How do my disabilities affect my daily life? Today has been a very good example of what makes hypermobility syndrome (HS) disabling for me. Despite the name, HS isn't just about what happens in my joints. Every part of me is affected.
Today I was supposed to go to work. When I got up this morning I took a shower, bushed my teeth, washed my face and got dressed. After I put my clothes on I turned to leave my room and was suddenly overcome with dizziness and nausea. I stumbled to a chair and almost fell over. I felt incredibly sick to my stomach, my head was pounding and the world was spinning. I could not stand or bend over without heaving.. I called my boss and told him that I would be kind of late for work because I did not feel well. He expressed concern and called my coworker to see if she could cover for me. Luckily she said she could cover the whole day so I didn't need to come in at all.
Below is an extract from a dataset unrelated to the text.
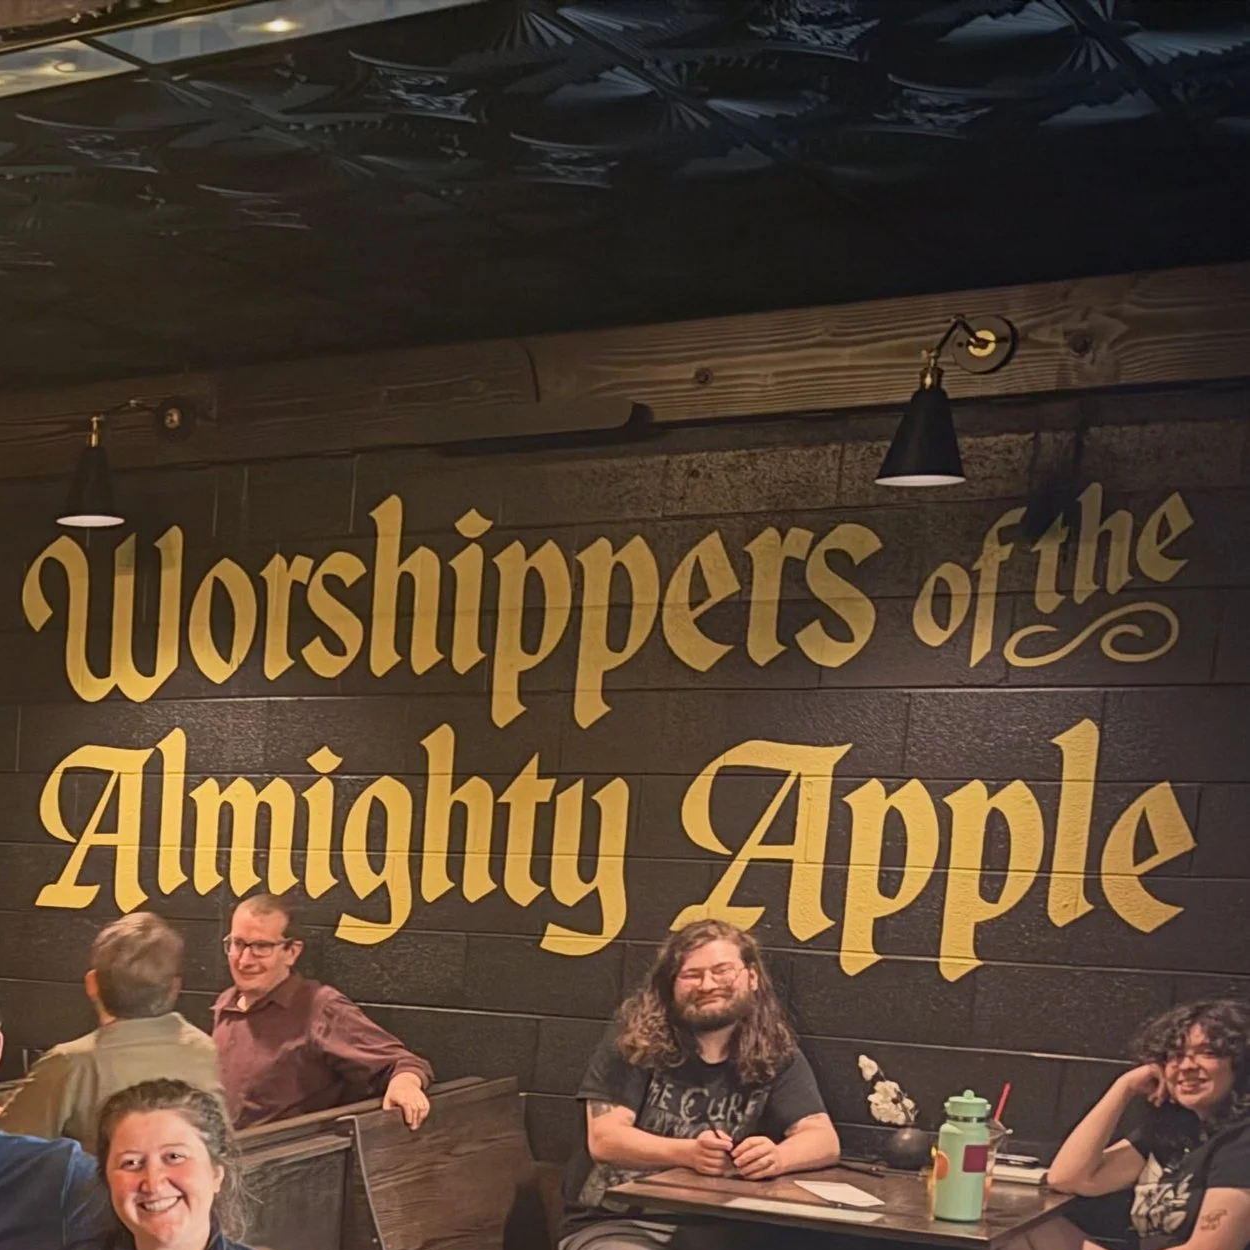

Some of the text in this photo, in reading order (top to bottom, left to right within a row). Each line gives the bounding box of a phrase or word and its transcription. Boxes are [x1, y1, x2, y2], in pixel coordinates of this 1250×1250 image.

[22, 482, 1194, 729] Worshippers of the
[35, 718, 1197, 982] Almighty Apple
After a long nap I awoke feeling much better than I had. I decided it would be fine to walk around and do normal things with the assistance of my cane. I was wrong. I had a nasty fall and hurt my back. I was lucky that I did not hit my head. Now I am only walking with the assistance of my rollator.
All of this is not to say that my life is terrible, or to gain sympathy. I just want to educate people about the realities of what it means when your condition "substantially limits (a) major life activity." Today I could not go to work. The reason is that the process of getting ready for work was more than my body could handle at that moment. It is incredibly frustrating to be limited in this way. But my life is still good. I got some extra sleep, made some phone calls and sent some emails, and now I am going to get some extra time reading a book. Life is full of ups and downs. But being able to think about the things you are grateful about is an important part of coping with a disability.